Per questo Gesù mette alle radici stesse della Chiesa il mandato: «Andate in tutto il mondo e proclamate il Vangelo ad ogni creatura» (Mc 16,15); e San Paolo lo conferma quando dice, parlando del suo apostolato: “Non posso farne a meno, e guai a me se non annuncio Cristo” (cfr 1Cor 9,16). Non c’era posto per la tristezza, ha voluto andare avanti. Guai a noi se non annunciamo Cristo! Perciò vi incoraggio ad andare avanti nella direzione indicata dal vostro carisma: “Portare lo Spirito vivo di Cristo dappertutto”. Lo Spirito “vivo” di Cristo è quello che conquista il cuore, che non ti fa stare seduto in poltrona, ma ti fa uscire verso i fratelli, con lo zaino leggero e lo sguardo pieno di carità. Portate questo Spirito dappertutto, non escludendo nessuno e aprendosi anche a nuove forme di apostolato, in un mondo che cambia e che ha bisogno di menti flessibili e menti aperte, di cammini di ricerca condivisi, per individuare i modi adatti a trasmettere l’unico Vangelo di sempre.
E con questo veniamo al terzo punto: «correre come pazzi» – che non è lo stesso di pazzi che corrono, è differente – cioè il coraggio creativo. Non si tratta tanto di elaborare tecniche sofisticate di evangelizzazione, quanto piuttosto, come dice San Paolo, di farsi «tutto per tutti, per salvare a ogni costo qualcuno» (1Cor 9,22), di non fermarsi di fronte alle difficoltà e di guardare oltre gli orizzonti dell’abitudine e del quieto vivere, del “si è sempre fatto così”. Sant’Antonio Maria questo coraggio l’ha avuto, dando vita a istituzioni nuove per la sua epoca: una congregazione di riforma del clero in un tempo in cui tanti ecclesiastici si erano abituati a una vita comoda e agiata; una congregazione religiosa femminile non claustrale, dedita all’evangelizzazione, in un tempo in cui per le donne la vita consacrata era prevista solo in clausura; una congregazione di laici missionari attivamente coinvolti nell’annuncio, in un tempo in cui dominava un certo clericalismo. Erano tutte realtà nuove – è stato creativo, ma con la fedeltà al Vangelo –, queste realtà non c’erano prima: il Fondatore ha capito che potevano essere utili per il bene della Chiesa e della società, e per questo le ha inventate e le ha difese di fronte a chi non ne capiva il senso e l’opportunità, fino al punto di venire a renderne conto a Roma. E anche in questo c’è un insegnamento importante, perché non ha esercitato la sua creatività al di fuori della Chiesa: lo ha fatto dentro di essa, accettando le correzioni e i richiami, cercando di spiegare e illustrare le ragioni delle sue scelte e custodendo la comunione nell’obbedienza.

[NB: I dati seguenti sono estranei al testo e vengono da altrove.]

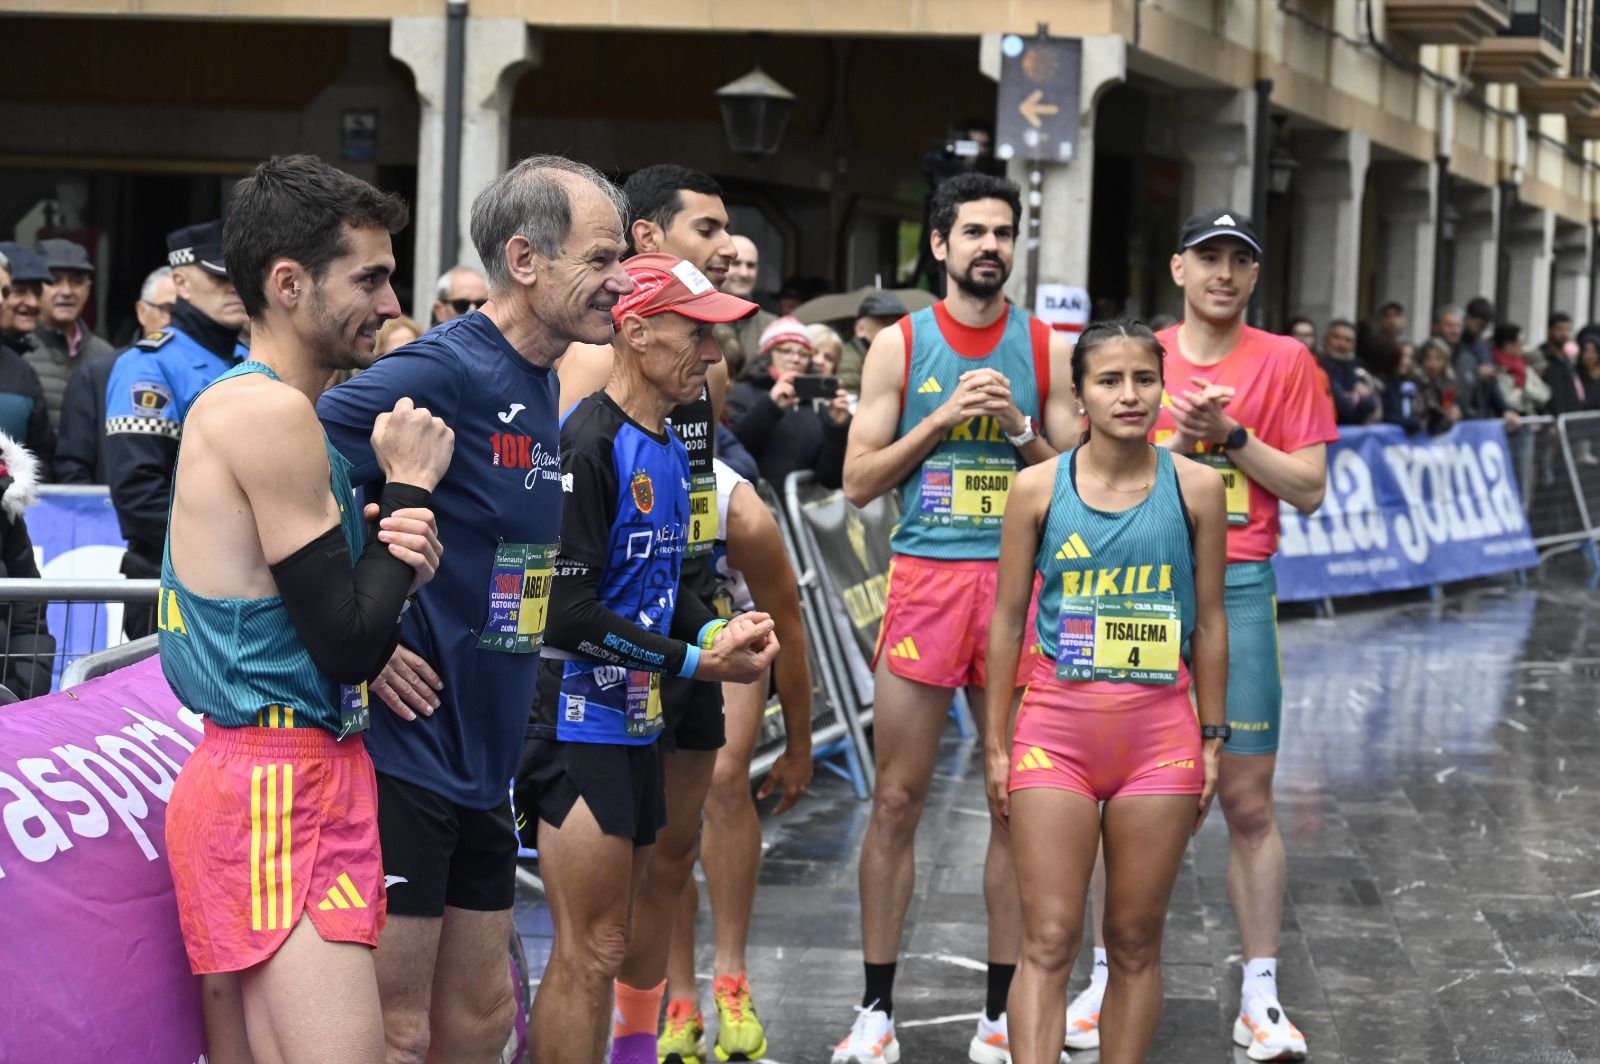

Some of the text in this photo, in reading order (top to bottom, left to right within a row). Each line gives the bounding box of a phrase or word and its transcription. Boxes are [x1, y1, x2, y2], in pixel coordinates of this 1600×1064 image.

Concludo richiamando un ultimo valore importante per i vostri “collegi”: l’importanza di fare insieme. La comunione nella vita e nell’apostolato è infatti la prima testimonianza che siete chiamati a rendere, particolarmente in un mondo diviso da lotte ed egoismi. Essa è scritta nel DNA della vita cristiana e dell’apostolato: «Perché tutti siano una sola cosa» (Gv 17,21), come pregò il Signore. Del resto la parola stessa “collegio” indica proprio questo: scelti per stare insieme, per vivere, lavorare, pregare, soffrire e gioire insieme, come comunità. E allora, cari fratelli e sorelle: «Correte come pazzi, verso Dio e verso gli altri, insieme!». E la Madonna, che andò in fretta ad aiutare Elisabetta, vi accompagni. Vi benedico di cuore. E per favore, non dimenticatevi di pregare per me. Grazie.